Desde Sócrates, afirma Comte-Sponville, la mayor parte de las filosofías griegas serán eudaimonismos, es decir, que tratan de unir el saber con el buen vivir. A diferencia de lo que pensaban los griegos, que un bribón o un malvado no podían ser felices, los modernos, que han matizado mucho la idea de felicidad, parecen no darles la razón. Pero antes de llegar a este punto, el epicureísmo teorizó una búsqueda del placer deseando lo menos posible, porque intuyó que el deseo entregado a sí mismo quiere lo absoluto. Se hace necesaria una mediación, sin embargo los estoicos exageraron proclamando al deseo (como los budistas) como motor de la infelicidad y de ignorancia. Para ser feliz lo mejor es no desear y ser virtuoso porque de la virtud deviene la felicidad. Aristóteles introdujo un poco de sensatez al invocar la suerte, porque no basta que seamos virtuosos y valientes (no hay virtud sin valentía) sino que también necesitamos suerte, porque es difícil ser feliz si todo nos va en contra: ese todo sobre el que no podemos actuar. Comte-Sponville no sólo efectúa una didáctica clara e inteligente, sino que hace presente el saber y trata de responder por sí mismo, y eso hace su intervención especialmente atractiva. Y así lo vemos reaccionar ante la lucidez de Hobbes, quien pensó que el hombre no pretende gozar una sola vez sino hacer extenso su placer; por lo tanto su deseo quiere prolongarse en el devenir, es un deseo de poder. Nuestro actual filósofo afirma que la antropología de Hobbes es cierta, pero la ética de Epicuro es más justa. Es decir, prefiere hacer reposar la felicidad sobre la ética (algo sobre lo que Fernando Savater, entre nosotros, ha escrito algunas páginas lúcidas y polémicas). El padre de la Ilustración, Kant, consciente de que había bribones felices piensa lo que los cristianos, que ya Dios los castigará, pero lo hace de manera más compleja y útil: “Actúa dice de tal suerte que seas digno de ser feliz”. Todo recae, en el mandato ético kantiano, sobre la virtud de nuestras acciones como fin. Si se es creyente, nuestra moral tiene una esperanza; de lo contrario, es una moral de la desesperación, como la que abraza el mismo Comte-Sponville. En cualquiera de ambos casos, el elemento radical es la moral. ¿Pero qué ocurre con la felicidad del bribón? Sigamos adelante.

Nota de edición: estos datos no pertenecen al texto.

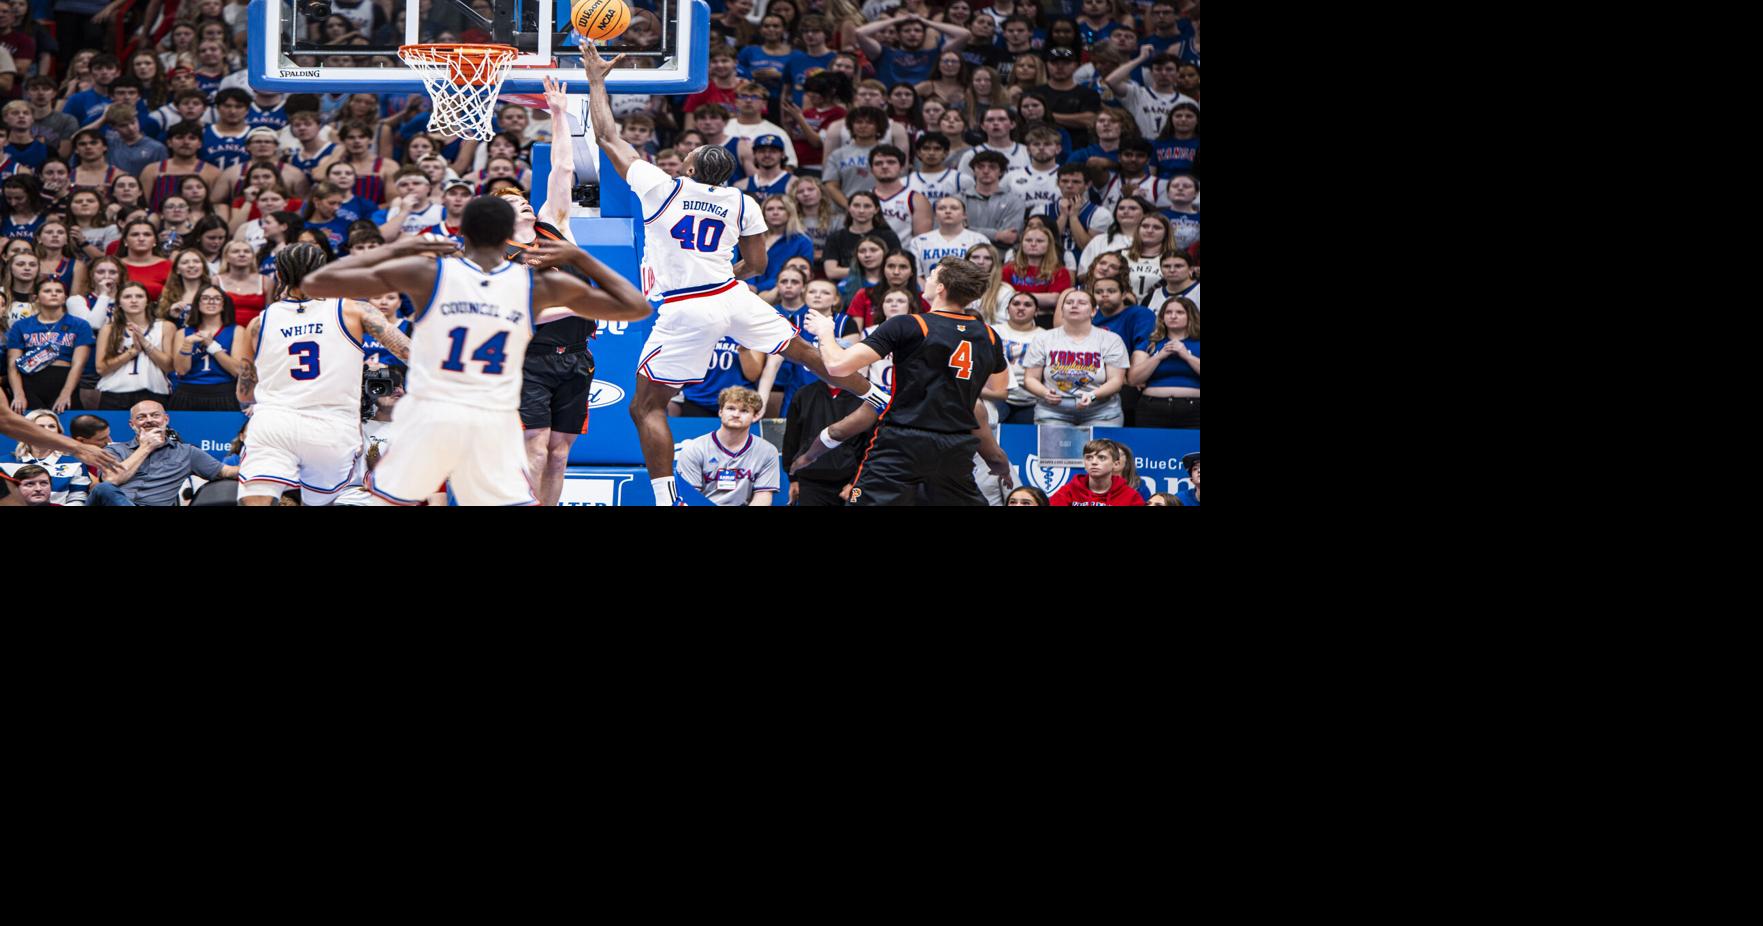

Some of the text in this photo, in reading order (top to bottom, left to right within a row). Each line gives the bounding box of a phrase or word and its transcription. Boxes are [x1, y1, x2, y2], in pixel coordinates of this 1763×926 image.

La palabra desesperación nos lleva a menudo a imaginar a alguien con las manos en la cabeza, tal vez porque siente que la ha perdido. Pero no hay para tanto: se trata de vivir sin esperanza (absoluta, del más allá; sin metafísica). Para Comte-Sponville la desesperación es la mayor beatitud ya que afirma lo que tiene, y en ese sentido, tiene más posibilidades de plenitud que la esperanza, que por definición lo es de lo que carece. Aunque la dicha (la felicidad) está, como pensó Kant, ligada a lo imaginario más que a la razón, el pensador francés afirma que, siendo esto cierto, también forma parte de la realidad. Si la felicidad no es el paraíso ultraterreno, apoyado en un absoluto ético que sólo Dios puede revelar, entonces cae dentro de lo posible, de lo que tenemos y dejamos de tener, de lo que somos y, ciertamente, se nos escapa. Pero en la medida en que es posible afirma Comte-Sponville, en que no hay nada insuperable que nos aleje de ella, cesa de ser imaginaria para tocar la realidad. Las invitadas aquí son la voluntad y la acción: ser feliz es ser capaz de actuar ante nuestras posibilidades. La tendencia vital de los estoicos, la perseverancia en ser de todo lo que es (Spinoza) o la pulsión de vida que teorizó Freud, desembocan en que el sentido (ese que para algunos sólo la metafísica justifica) está en hacer depender el valor de la vida del amor que tenemos a la vida y no al revés. Así pues, concluye refutando a Platón y defendiendo a Spinoza: el deseo no es necesariamente una carencia sino una potencia. No debemos buscar una felicidad eterna (querer lo que no puedo), sino actuar de tal forma que la felicidad sea posible, una posibilidad de nuestro presente, que nunca podrá ser una medida sino, como dice con gran belleza el pensador francés, tiempo puro: “la presencia de lo que dura”. Freud señaló con lucidez trágica esa dualidad (eros/tánatos) de la condición humana. De hecho, la desaparición del deseo supone una terrible disminución de la persona, como ocurre en el duelo melancólico psicótico y en la depresión. Comte-Sponville está invocando un arte de amar del que algunas de sus páginas dispersas se hallan en la poesía.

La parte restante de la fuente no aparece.